The Beastmaster is admittedly a tough son of a bitch to lock down. It’s one of those odd movies that only could have come out in the 80’s that flat out refuses to pull any punches despite having a plot that screams “family adventure”. Thus the audience is “treated” to suprisingly graphic scenes of child sacrifice that look so dangerous that you can’t be totally sure Rip Torn didn’t ACTUALLY burn screaming moppets alive for the sake of cinematic immortality. Fantasy snuff footage aside; other regular helpings of relentless nightmare fuel include mutant beserkers in spiky S&M gear (I get the mask but are the ass-less chaps really necessary), the good guys casually drowning unarmed prisoners and – most notorious of all – a random race of mouthless bat-people who boil severed heads in a cauldron despite having the ability to wrap their wings around their screaming victims and dissolve them into puddles of goo.
That being said, it’s precisely this enthusiasm to cram as many horrors into our eye-holes as it can that makes The Beastmaster so trashily memorable, relying on a Frank Frazzetta style of boobs, biceps and bone splitting mayhem to bludgeon you into submission.
Everyone gives that weird, stilted sub-American accent 80’s sword and sorcery movies had at the time to spit out leaden nonsense such as “You may search for your destiny in the Valley of Aruk” while keeping a straight face.
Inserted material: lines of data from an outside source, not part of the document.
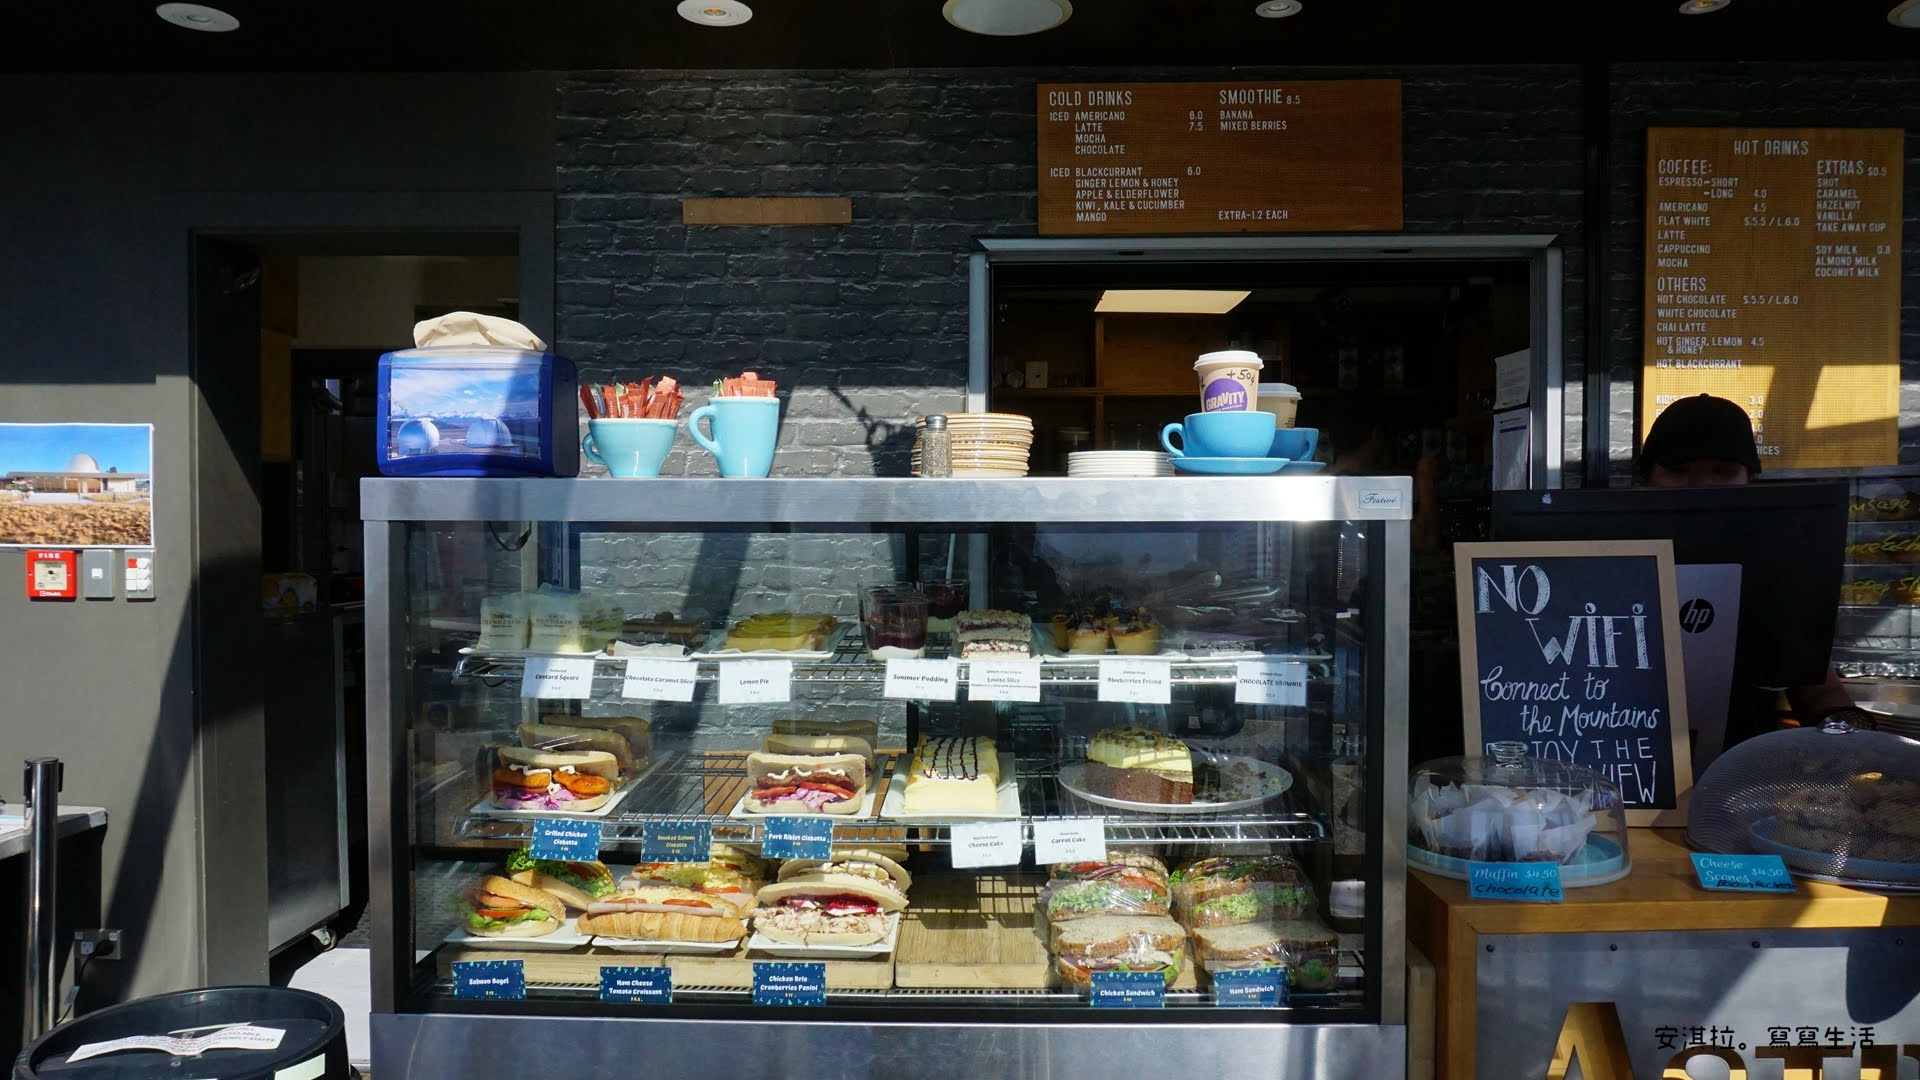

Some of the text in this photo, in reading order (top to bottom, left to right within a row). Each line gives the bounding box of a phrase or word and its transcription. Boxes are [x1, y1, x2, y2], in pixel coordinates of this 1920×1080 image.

[1049, 90, 1133, 107] COLD DRINKS
[1219, 89, 1301, 105] SMOOTHIE 8.5
[1049, 110, 1203, 122] ICED AMERICANO 6.0
[1219, 110, 1253, 120] BANANA
[1074, 121, 1203, 133] LATTE 7.5
[1220, 121, 1287, 131] MIXED BERRIES
[1075, 133, 1106, 144] MOCHA
[1075, 145, 1126, 155] CHOCOLATE
[1733, 140, 1809, 155] HOT DRINKS
[1658, 159, 1712, 174] COFFEE:
[1816, 160, 1864, 176] EXTRAS
[1050, 166, 1201, 178] ICED BLACKCURRANT 6.0
[1075, 177, 1179, 188] GINGER LEMON & HONEY
[1817, 178, 1839, 187] SHOT
[1075, 188, 1180, 200] APPLE & ELDERFLOWER
[1753, 189, 1767, 198] 4.0
[1816, 189, 1858, 199] CARAMEL
[1103, 200, 1127, 211] KALE
[1128, 200, 1135, 210] &
[1136, 200, 1185, 210] CUCUMBER
[1658, 202, 1767, 212] AMERICANO 4.5
[1816, 200, 1861, 210] HAZELNUT
[1076, 212, 1107, 222] MANGO
[1265, 210, 1288, 220] EACH
[1816, 212, 1853, 221] VANILLA
[1658, 216, 1681, 226] FLAT
[1683, 216, 1711, 226] WHITE
[1816, 223, 1887, 233] TAKE AWAY CUP
[1657, 230, 1686, 240] LATTE
[1657, 244, 1711, 254] CAPPUCCINO
[1815, 245, 1891, 255] SOY MILK 0.8
[1657, 258, 1688, 268] MOCHA
[1815, 256, 1877, 266] ALMOND MILK
[1815, 267, 1880, 277] COCONUT MILK
[1657, 277, 1706, 292] OTHERS
[1657, 295, 1674, 304] HOT
[1676, 295, 1727, 304] CHOCOLATE
[1657, 308, 1737, 319] WHITE CHOCOLATE
[1656, 322, 1706, 332] CHAI LATTE
[1656, 337, 1674, 346] HOT
[1711, 337, 1743, 346] LEMON
[1750, 337, 1765, 346] 4.5
[1667, 345, 1703, 354] & HONEY
[1656, 359, 1742, 369] HOT BLACKCURRANT
[1205, 390, 1246, 412] GRAVITY
[1749, 395, 1764, 405] 3.0
[1749, 409, 1764, 419] 2.0
[1477, 564, 1551, 615] NO
[1682, 598, 1711, 633] hp
[625, 674, 654, 682] Chocolate
[893, 673, 920, 681] Summer
[1240, 678, 1303, 688] CHOCOLATE BROWNIE
[1480, 665, 1610, 701] Connect to
[1520, 702, 1660, 737] the Mountains
[1590, 737, 1653, 759] THE
[564, 830, 588, 838] Chicken
[783, 833, 801, 841] Riblet
[553, 838, 578, 846] Ciabatta
[1700, 857, 1744, 870] Cheese
[1474, 867, 1518, 882] Muffin
[1705, 870, 1750, 883] Scones
[491, 977, 509, 985] Bagel
[608, 987, 632, 995] Tomato
[1244, 985, 1274, 994] Sandwich
As Dar, Marc Singer’s 34 year old weather beaten features somewhat contradict exactly how young or old we’re supposed to believe Dar is but huge amounts of credit have to go to the actor for constantly standing so close to huge, ferocious wild animals with his nipples out. Also Amos flares his nostrils mightily as Seth, Tayna (A View To A Kill) Robert’s is nothing more than a walking lust object and Rip Torn screams at everyone from behind a large prosthetic nose that makes him look like Sam The Eagle from The Muppets – so it’s pretty much business as usual when it comes to 80’s fantasy stuff.
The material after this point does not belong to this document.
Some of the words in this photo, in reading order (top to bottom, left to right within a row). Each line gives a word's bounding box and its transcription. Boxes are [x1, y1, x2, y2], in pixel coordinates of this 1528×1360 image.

However, the fact that it pushes it’s horror imagery so hard mixes with the clumsiness of the material to make quite the enjoyable throwback; a fact that not even it’s mountain of plot holes serves to derail.
For example, why doesn’t Dar simply use his powers to make the bad guy’s horses run them off cliffs and stuff; why does no one point out the very real fact that Dar and Kiri are somewhat related (she’s named as King Zed’s neice but it’s not really clear if it’s from another marriage) and most of all, what the fuck is the deal with the melt-happy, mouthless bat people!?



As silly and trashy as it is, it’s exactly these things that make it a blast to watch (preferably with a gang of like-minded mates and a crate of booze) as Coscarelli flings even more horrific randomness into his sword flashing, cinematic gumbo, so if you’ve an appetite for a low budget adventure that gleefully breaks a couple of taboos as it goes, then The Beastmaster is firmly on beast-mode.